Extracted records:
____

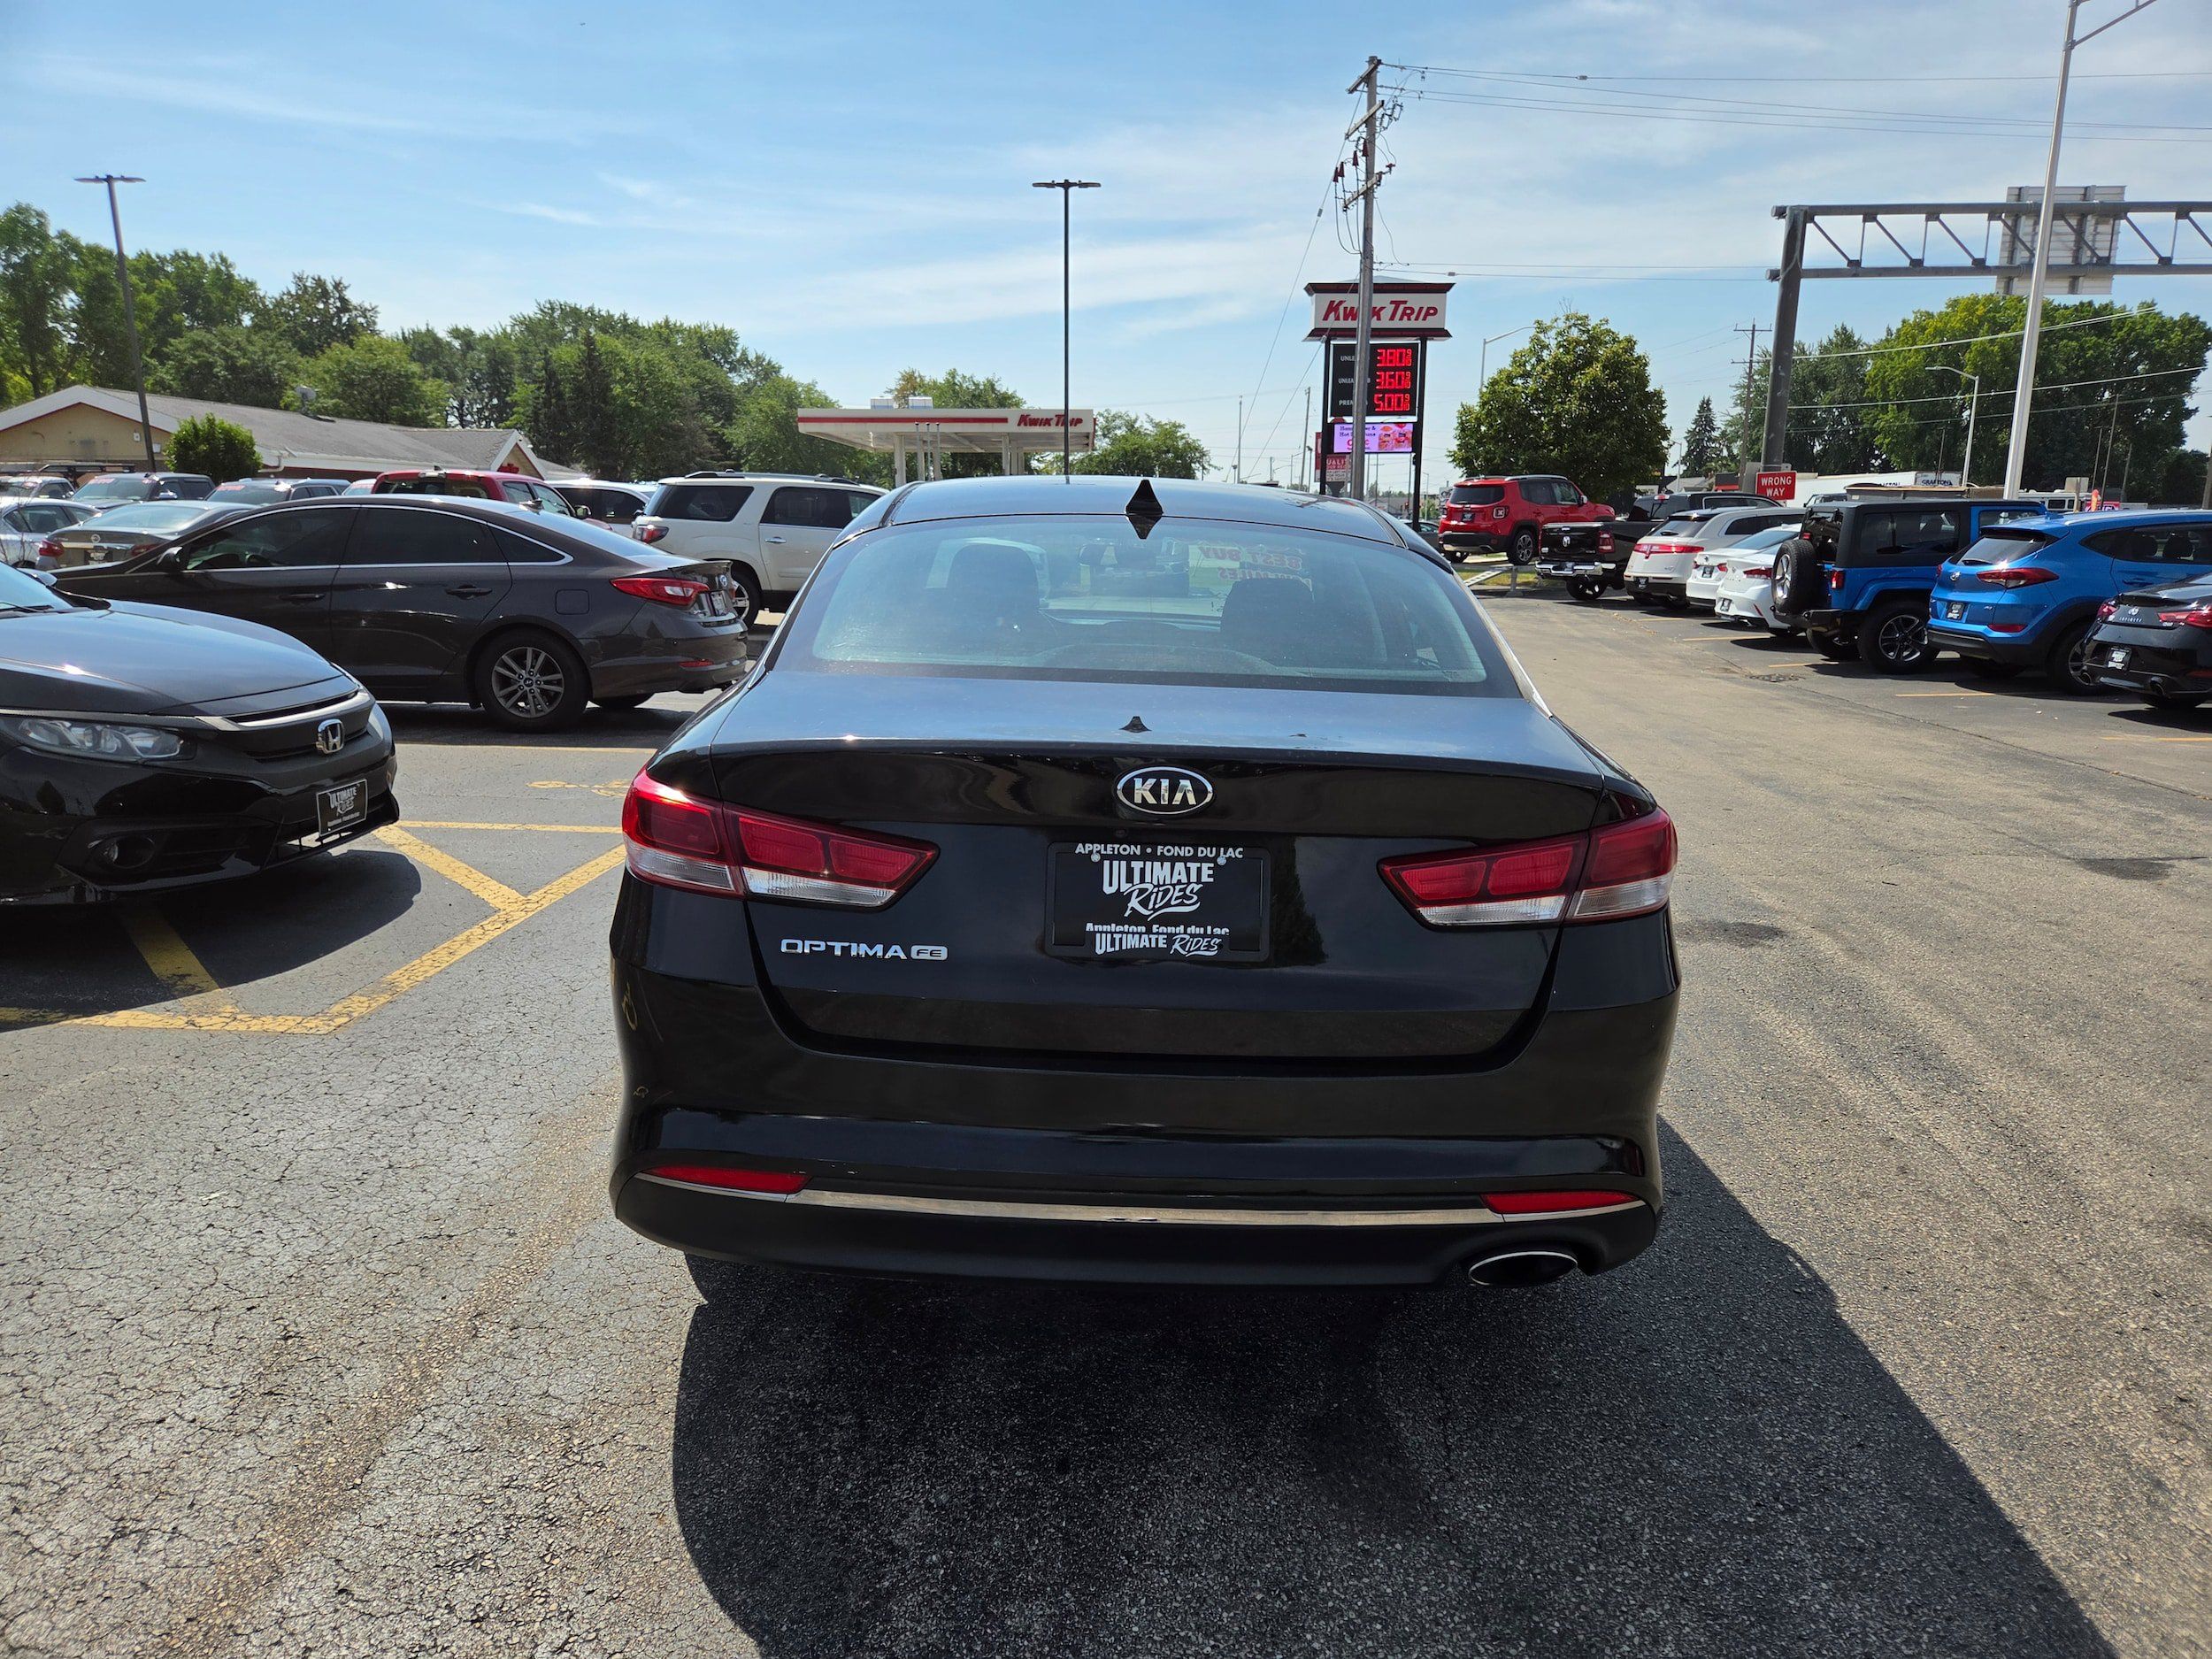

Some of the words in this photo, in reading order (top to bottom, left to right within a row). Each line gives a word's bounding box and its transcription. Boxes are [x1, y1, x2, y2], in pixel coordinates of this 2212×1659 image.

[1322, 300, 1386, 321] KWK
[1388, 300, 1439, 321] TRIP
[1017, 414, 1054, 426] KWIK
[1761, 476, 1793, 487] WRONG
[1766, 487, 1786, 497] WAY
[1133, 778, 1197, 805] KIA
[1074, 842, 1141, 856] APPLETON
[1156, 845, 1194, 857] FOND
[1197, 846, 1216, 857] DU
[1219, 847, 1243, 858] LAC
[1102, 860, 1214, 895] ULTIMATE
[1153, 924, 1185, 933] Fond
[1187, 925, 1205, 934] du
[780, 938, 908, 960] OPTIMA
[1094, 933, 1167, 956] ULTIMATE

____

WHAT YOU WILL DO:
Output each record verbatim, but skip anything that is a picture.

WRITTEN SOLUTION:
Some of the words in this photo, in reading order (top to bottom, left to right within a row). Each line gives a word's bounding box and its transcription. Boxes are [x1, y1, x2, y2], in pixel coordinates of this 2212×1659 image.

[1322, 300, 1386, 321] KWK
[1388, 300, 1439, 321] TRIP
[1017, 414, 1054, 426] KWIK
[1761, 476, 1793, 487] WRONG
[1766, 487, 1786, 497] WAY
[1133, 778, 1197, 805] KIA
[1074, 842, 1141, 856] APPLETON
[1156, 845, 1194, 857] FOND
[1197, 846, 1216, 857] DU
[1219, 847, 1243, 858] LAC
[1102, 860, 1214, 895] ULTIMATE
[1153, 924, 1185, 933] Fond
[1187, 925, 1205, 934] du
[780, 938, 908, 960] OPTIMA
[1094, 933, 1167, 956] ULTIMATE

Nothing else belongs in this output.